What the task requires » Without changing a single character, write out every record below.
....................
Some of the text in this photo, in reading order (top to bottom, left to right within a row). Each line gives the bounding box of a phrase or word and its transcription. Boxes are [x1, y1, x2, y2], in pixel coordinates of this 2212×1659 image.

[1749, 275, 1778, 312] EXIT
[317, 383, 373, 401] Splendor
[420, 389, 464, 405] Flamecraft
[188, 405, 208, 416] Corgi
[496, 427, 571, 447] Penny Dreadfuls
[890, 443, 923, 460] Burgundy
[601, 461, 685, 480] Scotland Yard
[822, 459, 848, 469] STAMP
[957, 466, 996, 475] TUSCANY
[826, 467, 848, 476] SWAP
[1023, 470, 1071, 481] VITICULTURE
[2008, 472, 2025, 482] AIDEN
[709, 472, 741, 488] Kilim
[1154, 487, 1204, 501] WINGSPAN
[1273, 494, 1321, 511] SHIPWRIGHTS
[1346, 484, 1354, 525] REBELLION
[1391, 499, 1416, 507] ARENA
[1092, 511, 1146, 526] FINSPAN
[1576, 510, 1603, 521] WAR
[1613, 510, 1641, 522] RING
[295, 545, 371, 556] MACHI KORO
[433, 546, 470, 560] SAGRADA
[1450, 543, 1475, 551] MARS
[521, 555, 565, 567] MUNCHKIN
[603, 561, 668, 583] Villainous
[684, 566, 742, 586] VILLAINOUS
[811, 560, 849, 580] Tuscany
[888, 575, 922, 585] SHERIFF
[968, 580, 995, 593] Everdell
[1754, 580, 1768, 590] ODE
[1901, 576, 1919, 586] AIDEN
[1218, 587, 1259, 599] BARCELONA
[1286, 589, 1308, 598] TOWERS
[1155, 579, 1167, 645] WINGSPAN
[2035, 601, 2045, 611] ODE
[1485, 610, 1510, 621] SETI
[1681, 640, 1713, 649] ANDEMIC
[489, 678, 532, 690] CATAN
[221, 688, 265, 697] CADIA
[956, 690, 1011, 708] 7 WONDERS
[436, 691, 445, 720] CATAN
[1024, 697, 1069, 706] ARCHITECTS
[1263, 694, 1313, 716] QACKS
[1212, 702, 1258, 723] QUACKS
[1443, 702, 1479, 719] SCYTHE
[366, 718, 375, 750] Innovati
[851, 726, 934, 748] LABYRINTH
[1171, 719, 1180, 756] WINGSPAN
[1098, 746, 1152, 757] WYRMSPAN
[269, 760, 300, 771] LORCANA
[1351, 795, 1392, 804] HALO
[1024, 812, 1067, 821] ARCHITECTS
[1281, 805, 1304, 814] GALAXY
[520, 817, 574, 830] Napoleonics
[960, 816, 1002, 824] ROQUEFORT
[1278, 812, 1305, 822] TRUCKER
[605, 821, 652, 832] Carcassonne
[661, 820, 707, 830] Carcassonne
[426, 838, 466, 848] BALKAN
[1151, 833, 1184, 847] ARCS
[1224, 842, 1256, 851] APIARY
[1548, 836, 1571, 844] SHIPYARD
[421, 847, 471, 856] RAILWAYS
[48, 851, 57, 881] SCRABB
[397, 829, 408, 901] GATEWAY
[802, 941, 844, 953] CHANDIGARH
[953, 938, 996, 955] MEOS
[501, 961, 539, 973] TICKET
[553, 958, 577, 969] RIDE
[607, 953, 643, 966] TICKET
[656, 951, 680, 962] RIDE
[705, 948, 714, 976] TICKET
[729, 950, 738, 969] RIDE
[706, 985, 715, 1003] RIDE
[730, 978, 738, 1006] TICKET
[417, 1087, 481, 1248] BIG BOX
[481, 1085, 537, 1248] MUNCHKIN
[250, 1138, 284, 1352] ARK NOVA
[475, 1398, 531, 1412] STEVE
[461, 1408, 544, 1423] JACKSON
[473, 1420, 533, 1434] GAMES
....................
Response area »
Some of the text in this photo, in reading order (top to bottom, left to right within a row). Each line gives the bounding box of a phrase or word and its transcription. Boxes are [x1, y1, x2, y2], in pixel coordinates of this 2212×1659 image.

[1749, 275, 1778, 312] EXIT
[317, 383, 373, 401] Splendor
[420, 389, 464, 405] Flamecraft
[188, 405, 208, 416] Corgi
[496, 427, 571, 447] Penny Dreadfuls
[890, 443, 923, 460] Burgundy
[601, 461, 685, 480] Scotland Yard
[822, 459, 848, 469] STAMP
[957, 466, 996, 475] TUSCANY
[826, 467, 848, 476] SWAP
[1023, 470, 1071, 481] VITICULTURE
[2008, 472, 2025, 482] AIDEN
[709, 472, 741, 488] Kilim
[1154, 487, 1204, 501] WINGSPAN
[1273, 494, 1321, 511] SHIPWRIGHTS
[1346, 484, 1354, 525] REBELLION
[1391, 499, 1416, 507] ARENA
[1092, 511, 1146, 526] FINSPAN
[1576, 510, 1603, 521] WAR
[1613, 510, 1641, 522] RING
[295, 545, 371, 556] MACHI KORO
[433, 546, 470, 560] SAGRADA
[1450, 543, 1475, 551] MARS
[521, 555, 565, 567] MUNCHKIN
[603, 561, 668, 583] Villainous
[684, 566, 742, 586] VILLAINOUS
[811, 560, 849, 580] Tuscany
[888, 575, 922, 585] SHERIFF
[968, 580, 995, 593] Everdell
[1754, 580, 1768, 590] ODE
[1901, 576, 1919, 586] AIDEN
[1218, 587, 1259, 599] BARCELONA
[1286, 589, 1308, 598] TOWERS
[1155, 579, 1167, 645] WINGSPAN
[2035, 601, 2045, 611] ODE
[1485, 610, 1510, 621] SETI
[1681, 640, 1713, 649] ANDEMIC
[489, 678, 532, 690] CATAN
[221, 688, 265, 697] CADIA
[956, 690, 1011, 708] 7 WONDERS
[436, 691, 445, 720] CATAN
[1024, 697, 1069, 706] ARCHITECTS
[1263, 694, 1313, 716] QACKS
[1212, 702, 1258, 723] QUACKS
[1443, 702, 1479, 719] SCYTHE
[366, 718, 375, 750] Innovati
[851, 726, 934, 748] LABYRINTH
[1171, 719, 1180, 756] WINGSPAN
[1098, 746, 1152, 757] WYRMSPAN
[269, 760, 300, 771] LORCANA
[1351, 795, 1392, 804] HALO
[1024, 812, 1067, 821] ARCHITECTS
[1281, 805, 1304, 814] GALAXY
[520, 817, 574, 830] Napoleonics
[960, 816, 1002, 824] ROQUEFORT
[1278, 812, 1305, 822] TRUCKER
[605, 821, 652, 832] Carcassonne
[661, 820, 707, 830] Carcassonne
[426, 838, 466, 848] BALKAN
[1151, 833, 1184, 847] ARCS
[1224, 842, 1256, 851] APIARY
[1548, 836, 1571, 844] SHIPYARD
[421, 847, 471, 856] RAILWAYS
[48, 851, 57, 881] SCRABB
[397, 829, 408, 901] GATEWAY
[802, 941, 844, 953] CHANDIGARH
[953, 938, 996, 955] MEOS
[501, 961, 539, 973] TICKET
[553, 958, 577, 969] RIDE
[607, 953, 643, 966] TICKET
[656, 951, 680, 962] RIDE
[705, 948, 714, 976] TICKET
[729, 950, 738, 969] RIDE
[706, 985, 715, 1003] RIDE
[730, 978, 738, 1006] TICKET
[417, 1087, 481, 1248] BIG BOX
[481, 1085, 537, 1248] MUNCHKIN
[250, 1138, 284, 1352] ARK NOVA
[475, 1398, 531, 1412] STEVE
[461, 1408, 544, 1423] JACKSON
[473, 1420, 533, 1434] GAMES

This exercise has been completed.